-- PROBLEM TO SOLVE --
Print every line of the records below exactly as it reads.

[[ ENTRIES SUPPLIED, beginning ]]

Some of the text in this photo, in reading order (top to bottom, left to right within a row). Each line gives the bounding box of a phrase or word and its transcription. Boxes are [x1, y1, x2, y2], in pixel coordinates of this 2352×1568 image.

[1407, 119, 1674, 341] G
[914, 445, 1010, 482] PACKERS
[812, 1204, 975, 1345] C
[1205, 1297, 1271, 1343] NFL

[[ ENTRIES SUPPLIED, end ]]

-- RESULT OF THE TASK --
Some of the text in this photo, in reading order (top to bottom, left to right within a row). Each line gives the bounding box of a phrase or word and its transcription. Boxes are [x1, y1, x2, y2], in pixel coordinates of this 2352×1568 image.

[1407, 119, 1674, 341] G
[914, 445, 1010, 482] PACKERS
[812, 1204, 975, 1345] C
[1205, 1297, 1271, 1343] NFL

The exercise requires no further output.